La forma en como ella ayuda y contribuye con su entorno, hace que Samuel nos de la noción de que Miriam no se queda solo en sus problemas, mostrando la enseñanza y conocimientos que entrega a partir de su enseñanza de vida, ya sea ayudando a otros que poseen similitudes con su capacidades diferentes o adoptando el desafío de presentarse -llena de valentía y coraje- frente a un curso de niños. En esta experiencia, los niños interactúan con ella, le hacen consultas de lo que le toca vivir y cómo afronta el día a día sin poder hablar ni escuchar. La motivación final es el resultado de distintas interpretaciones de momentos plasmado en plastilina, la cual Miriam percibe con sus manos e imagina en su mente gracias a sus sentidos y la guía de las niñas y niños expectantes. Visita especialistas, ayudada por su amigo Ibrahinn, con quien se comunica mediante lenguaje de señas y haciendo enfoque en la palma de la mano y los diversos escenarios comunicativos que se pueden recrear. Conoce nuevos sistemas de comunicación (Teletouch), el cual le muestra una forma de comunicación interpersonal en donde ella puede entender y hacer que sus palabras sean entendidas a cabalidad y no sólo interpretadas. De su misma boca escuchamos frases con tanto trasfondo e intensidad arraigada en su corazón.

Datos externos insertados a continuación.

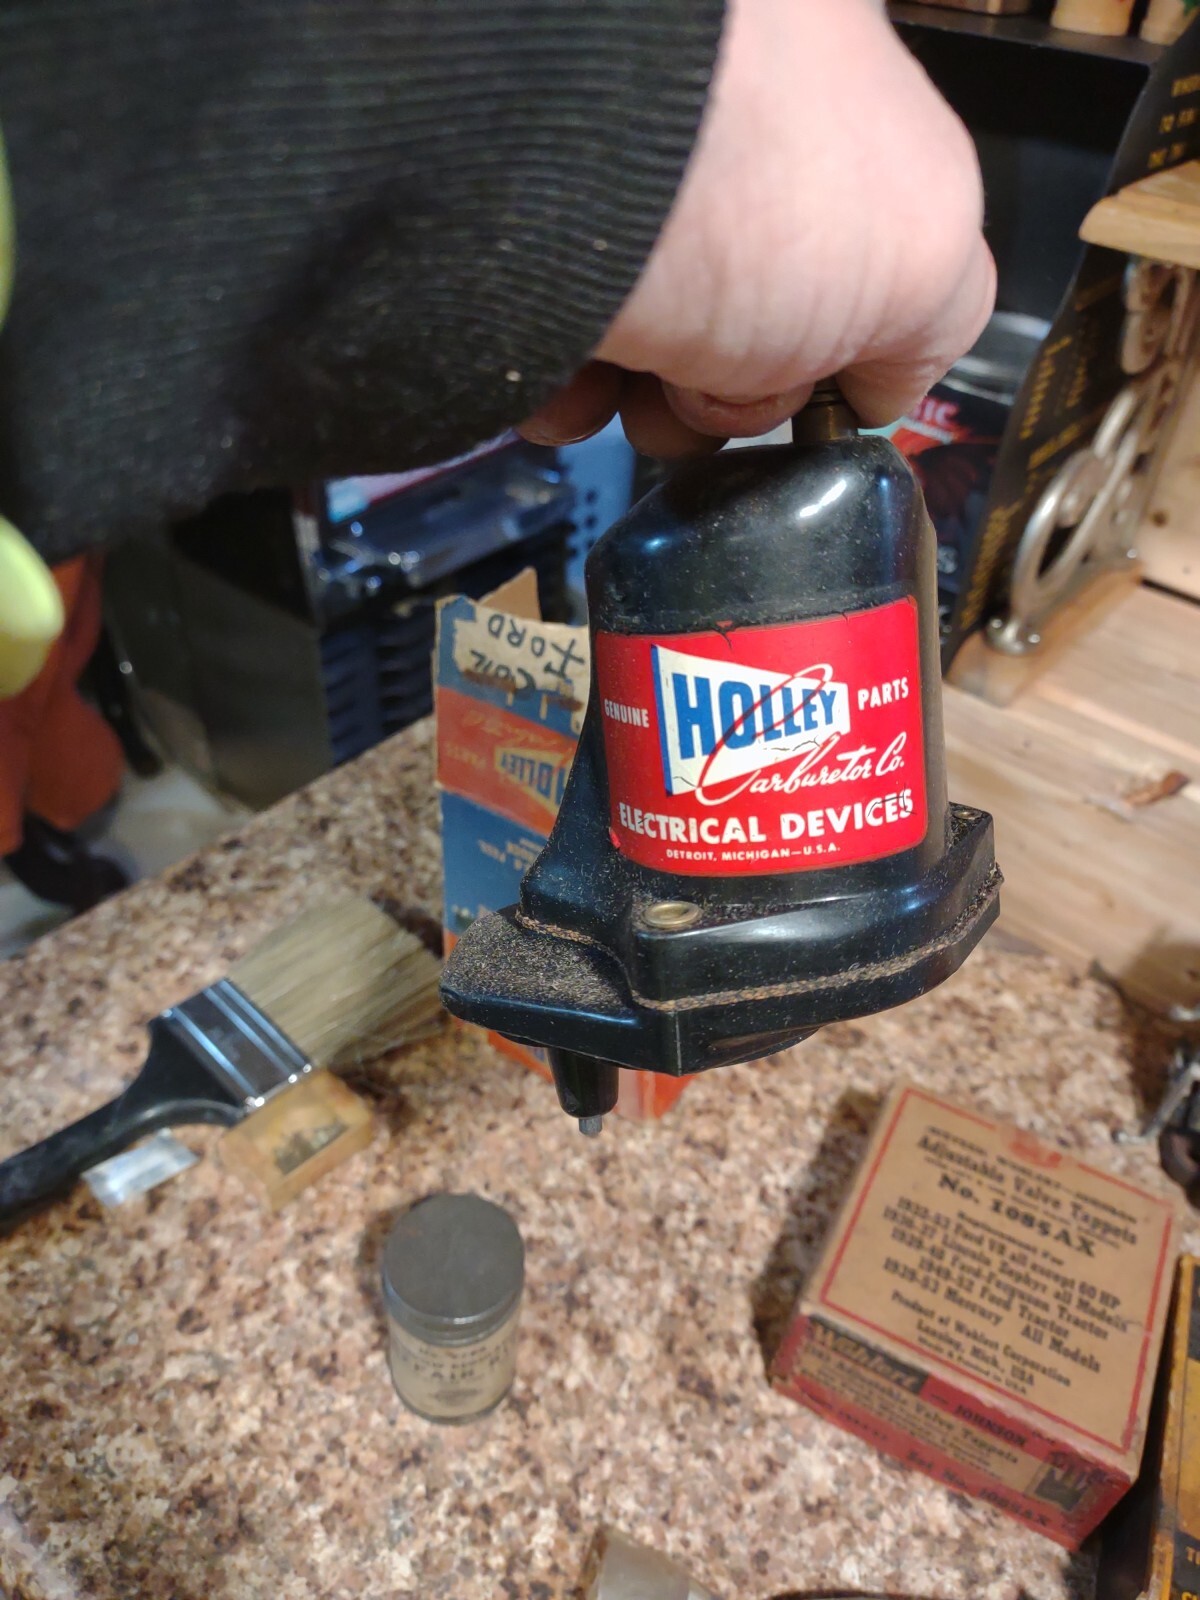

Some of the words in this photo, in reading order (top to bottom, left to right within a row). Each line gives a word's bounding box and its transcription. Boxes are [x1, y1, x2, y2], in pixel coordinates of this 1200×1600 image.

“Mis amigos y hermanos ya no tienen rostro” (quizás siendo identificados a punta de olfato, vibraciones y lo que el tacto pueda clarificar) , “no hay letras en las páginas de los libros” -donde el sistema Braillé sólo la informa en símbolos-, o la aún más intrigante “no sé cuál es la cara que miro cuando estoy frente al espejo”. Quizás de ahí que Henríquez reitere y haga tanto énfasis en la imagen de mañana cuando Miriam se lava su cara, es como si estuviese intentado limpiar su impedimento, ampliar sus capacidades o recobrar esos  colores con los que tanto anhela desde niña. ¿Por qué a mí? Quizás cuántas veces se realizó esta pregunta Miriam, cuánto tiempo se negó a su capacidad y, dentro de estas situaciones históricas, cómo esta misma inquietud Samuel Henríquez trató de que a los espectadores nos hiciera sentido, nos cautivara y emocionara. Pero por sobre todo, nos abriera los ojos para aceptar y abrazar diferentes capacidades humanas a nuestra realidad. Aunque, el hecho de que Miriam logre saber hacer de todos sus sentidos efectivos una motivación que pueda, incluso ayudar a otros, es la forma que tiene de contribuir desde su experiencia de vida, en donde hace útil sus capacidades diferentes en beneficio de otros que se encuentra sumidos en ese mismo mundo.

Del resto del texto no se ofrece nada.